■ **ENTRIES SUPPLIED**

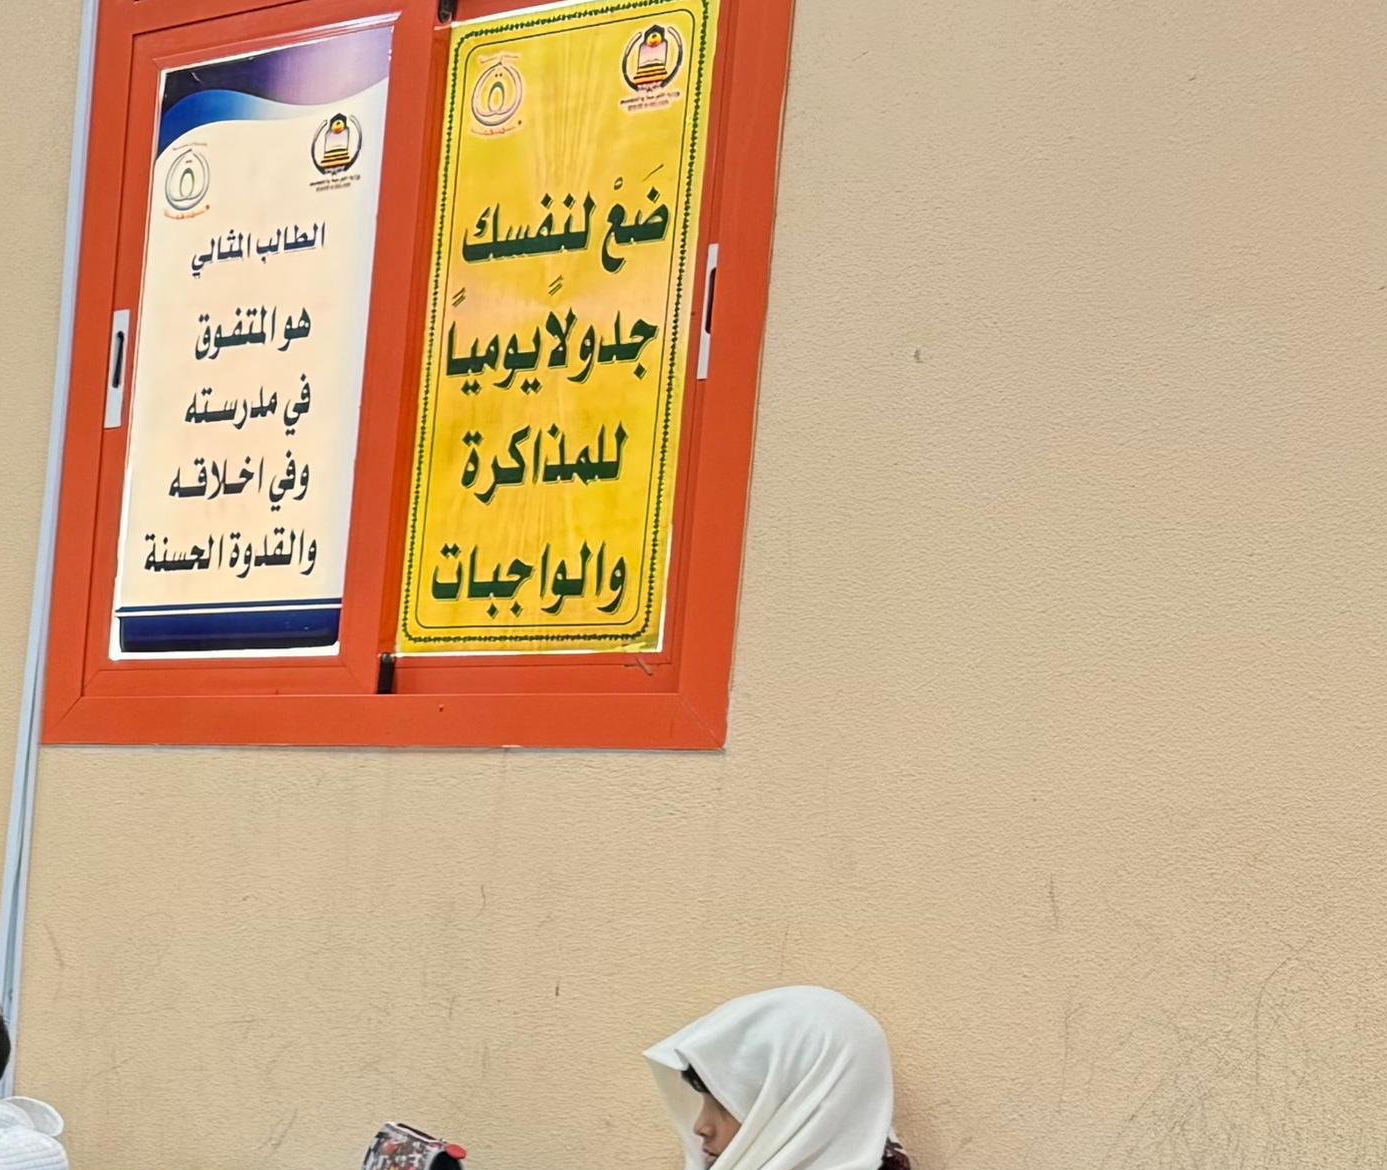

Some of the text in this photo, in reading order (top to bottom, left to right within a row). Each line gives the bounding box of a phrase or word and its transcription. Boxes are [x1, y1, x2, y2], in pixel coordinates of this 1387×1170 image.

[191, 222, 325, 278] الطالب المثالي
[461, 190, 596, 265] لنفسك
[194, 304, 311, 361] هو المتفوق
[185, 373, 311, 437] في مدرسته
[168, 449, 310, 512] وفي اخلاقه
[461, 419, 628, 506] للمذاكرة
[144, 526, 318, 579] والقدوة الحسنة
[431, 539, 627, 620] والواجبات
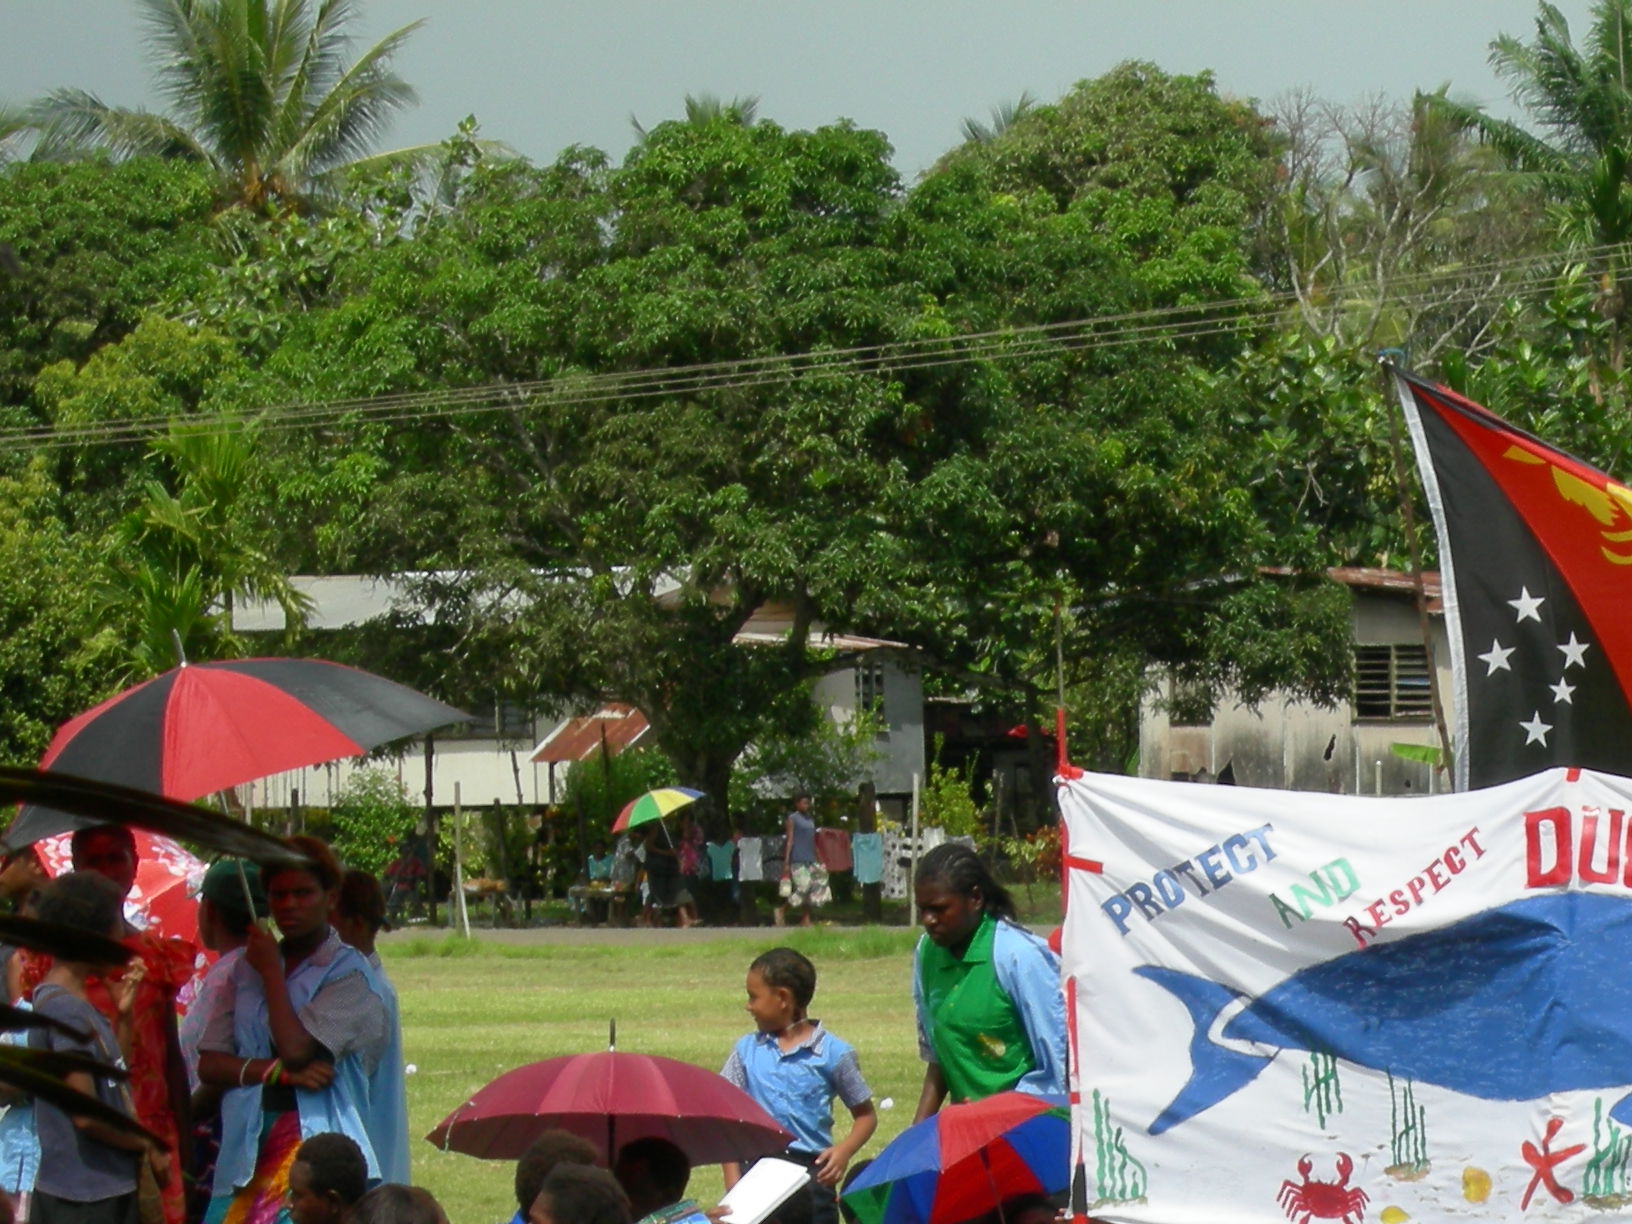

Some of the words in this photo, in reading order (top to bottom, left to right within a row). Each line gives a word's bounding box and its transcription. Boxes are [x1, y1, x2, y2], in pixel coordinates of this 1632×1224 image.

[1101, 823, 1278, 936] PROTECT
[1267, 857, 1361, 929] AND
[1343, 826, 1487, 949] RESPECT
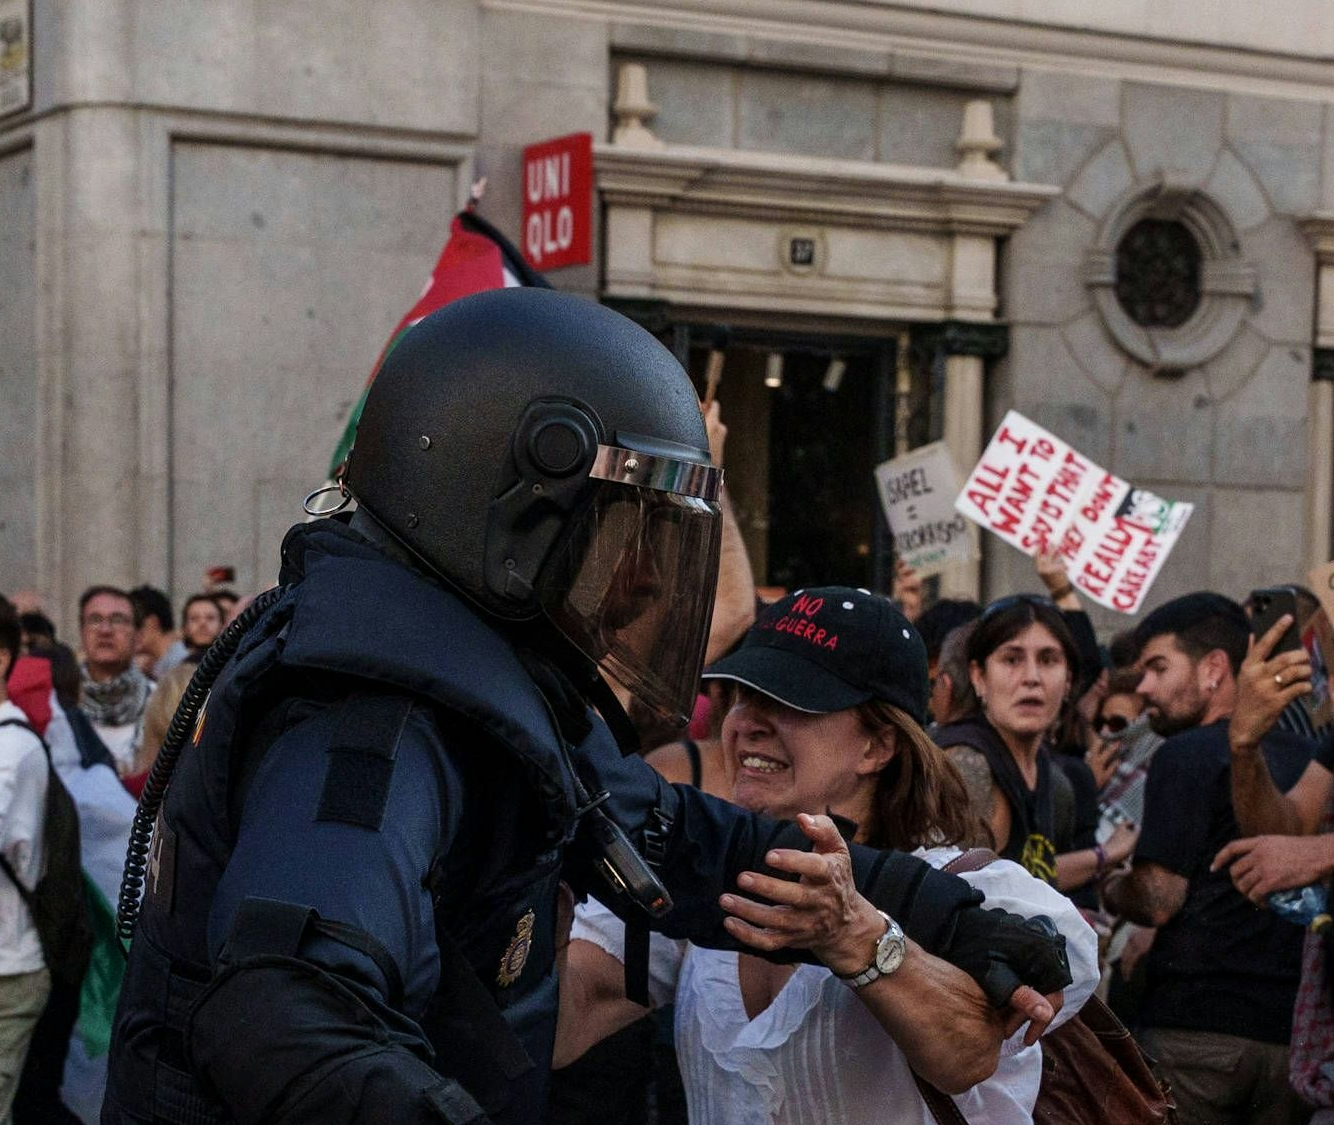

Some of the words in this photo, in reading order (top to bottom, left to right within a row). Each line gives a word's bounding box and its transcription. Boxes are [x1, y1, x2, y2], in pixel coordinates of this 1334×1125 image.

■ **EXERCISE BRIEF**
Return all of the entries word for word, but omit the pictures.

■ **OUTPUT BELOW**
Some of the text in this photo, in reading order (top to bottom, left to right within a row). Each line gives the bounding box of a phrase or word and its transcription. Boxes are [x1, y1, x2, y2], in pixel coordinates of this 1387×1170 image.

[191, 222, 325, 278] الطالب المثالي
[461, 190, 596, 265] لنفسك
[194, 304, 311, 361] هو المتفوق
[185, 373, 311, 437] في مدرسته
[168, 449, 310, 512] وفي اخلاقه
[461, 419, 628, 506] للمذاكرة
[144, 526, 318, 579] والقدوة الحسنة
[431, 539, 627, 620] والواجبات

Some of the words in this photo, in reading order (top to bottom, left to right within a row). Each line gives a word's bounding box and its transcription. Boxes are [x1, y1, x2, y2], in pixel coordinates of this 1632×1224 image.

[1101, 823, 1278, 936] PROTECT
[1267, 857, 1361, 929] AND
[1343, 826, 1487, 949] RESPECT

Some of the words in this photo, in reading order (top to bottom, left to right within a row). Each line gives a word's bounding box and its transcription. Boxes are [x1, y1, x2, y2], in pixel coordinates of this 1334×1125 image.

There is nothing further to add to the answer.